Le conseil conclut qu'une personne prudente, devant cette situation, consulterait un conseiller en emploi de Développement des ressources humaines Canada, ce qu'il a fait. Si un cours de formation se présente qui offre une assurance raisonnable d'un emploi à plein temps après le cours, bien rémunéré, il est raisonnable de le suivre.
[non souligné dans l'original]
[2] Les faits à l'origine de ce litige peuvent être résumés de la façon suivante.
[3] L'intimé a travaillé comme manoeuvre du 1er octobre 1999 au 20 novembre 2000. Dans une lettre datée du 18 octobre 2000, NAV Canada l'informait qu'il était accepté au sein du Programme de formation pour les spécialistes de l'information de vol. Ce programme comprenait une période de formation de cinq mois, allant du 4 décembre 2000 au 4 mai 2001.

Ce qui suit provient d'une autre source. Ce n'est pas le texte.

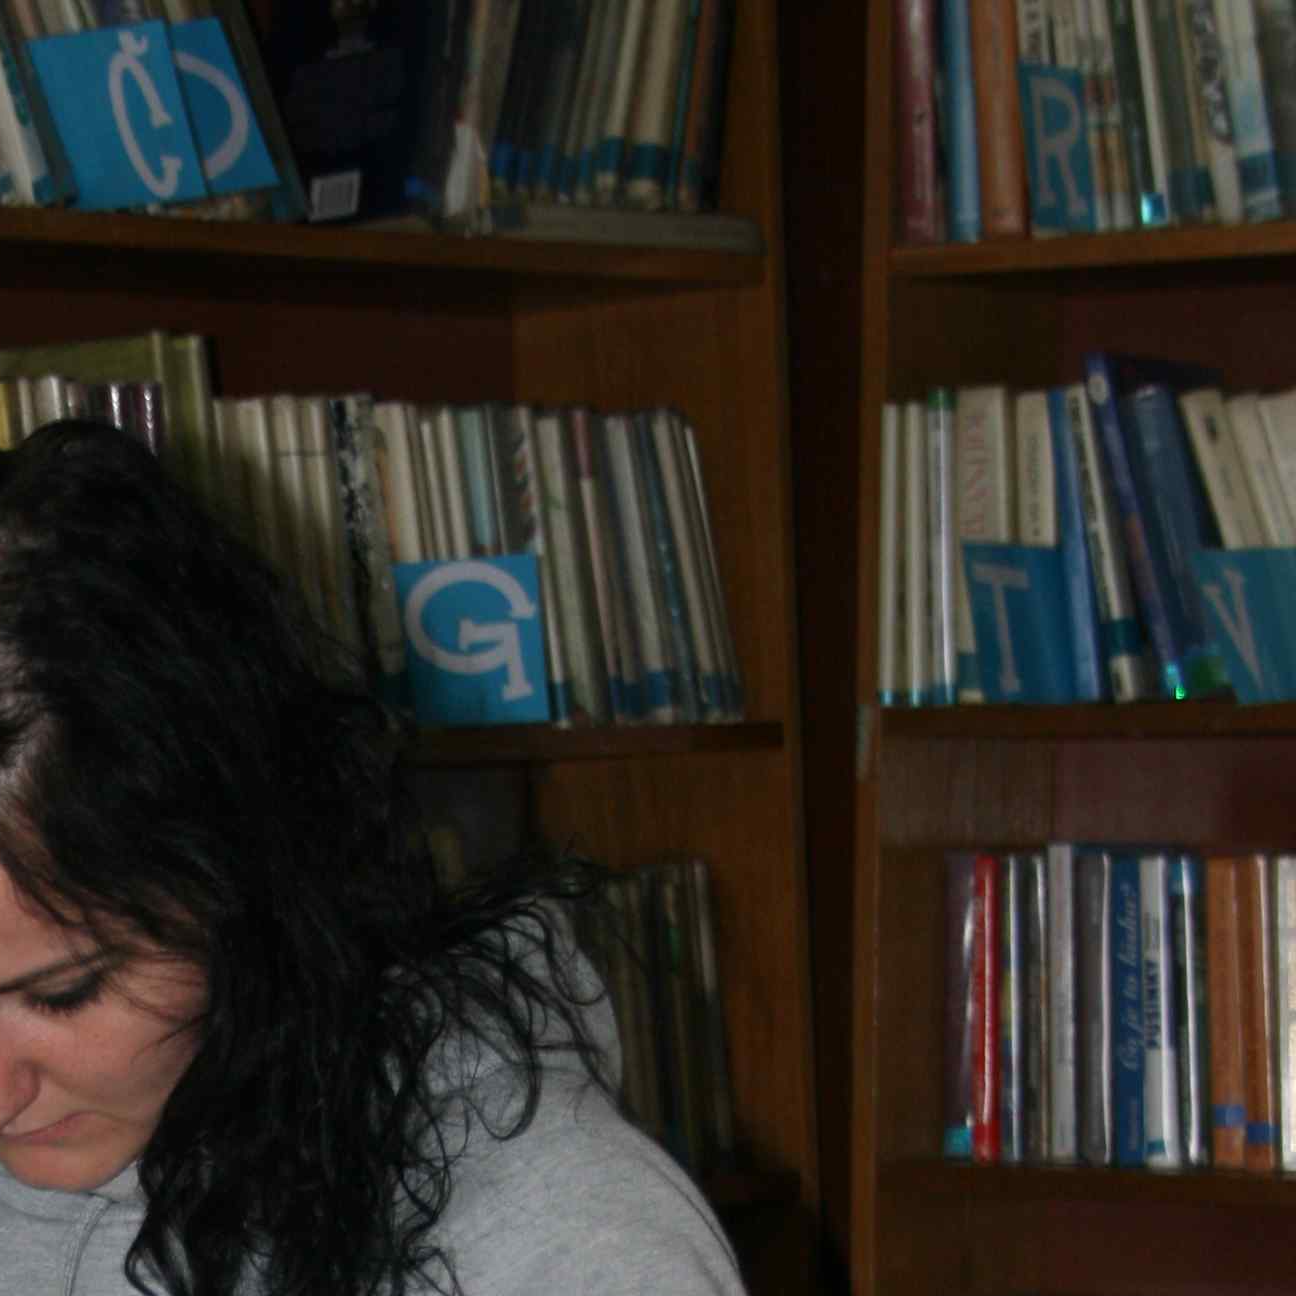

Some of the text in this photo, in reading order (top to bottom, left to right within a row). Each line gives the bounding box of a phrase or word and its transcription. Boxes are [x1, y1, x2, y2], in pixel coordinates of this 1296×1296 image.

[1028, 75, 1090, 218] R
[404, 559, 539, 702] G
[973, 562, 1031, 695] T

[4] Le 1er décembre 2000, l'intimé a demandé qu'on lui verse les prestations d'assurance-emploi, au motif qu'il avait quitté son emploi étant donné qu'il avait [traduction] « l'occasion de trouver un bien meilleur emploi » , à condition qu'il « participe à une période de formation » . La Commission canadienne de l'assurance-emploi (la Commission) a rejeté la demande de prestations en s'appuyant essentiellement sur deux motifs. Premièrement, il avait quitté son emploi sans motif valable au sens de l'alinéa 29c) de la Loi sur l'assurance-emploi, L.C. 1996, ch. 23 (la Loi), alors qu'il y avait une autre solution raisonnable dans son cas. Deuxièmement, il n'avait pas prouvé sa disponibilité pour travailler au 4 décembre 2000, parce qu'il suivait un cours de formation.
[5] Comme on peut le voir au passage précité de la décision du Conseil, celui-ci a conclu que l'intimé avait un motif valable de quitter son emploi, son employeur ayant exercé une pression indue sur lui pour qu'il quitte son emploi. Le Conseil s'est fondé sur le sous-alinéa 29c)(xiii) de la Loi.
[6] À la page 3 de sa décision, le juge-arbitre a confirmé la décision du Conseil comme suit :
Le conseil a examiné la preuve concernant la possibilité et la probabilité que le prestataire soit renvoyé de son emploi. Il a conclu que le prestataire avait de bonnes raisons de croire que son emploi prendrait fin. D'après la preuve qu'il a résumée, le conseil a également conclu que l'admission au programme de formation de NAV Canada ne pouvait que conduire à un emploi bien rémunéré, que le prestataire a donc démontré un motif valable de quitter son emploi et qu'il n'avait pas à démontrer sa disponibilité pour un autre emploi pendant qu'il suivait le programme de formation de NAV Canada car c'était d'une importance capitale pour obtenir un emploi.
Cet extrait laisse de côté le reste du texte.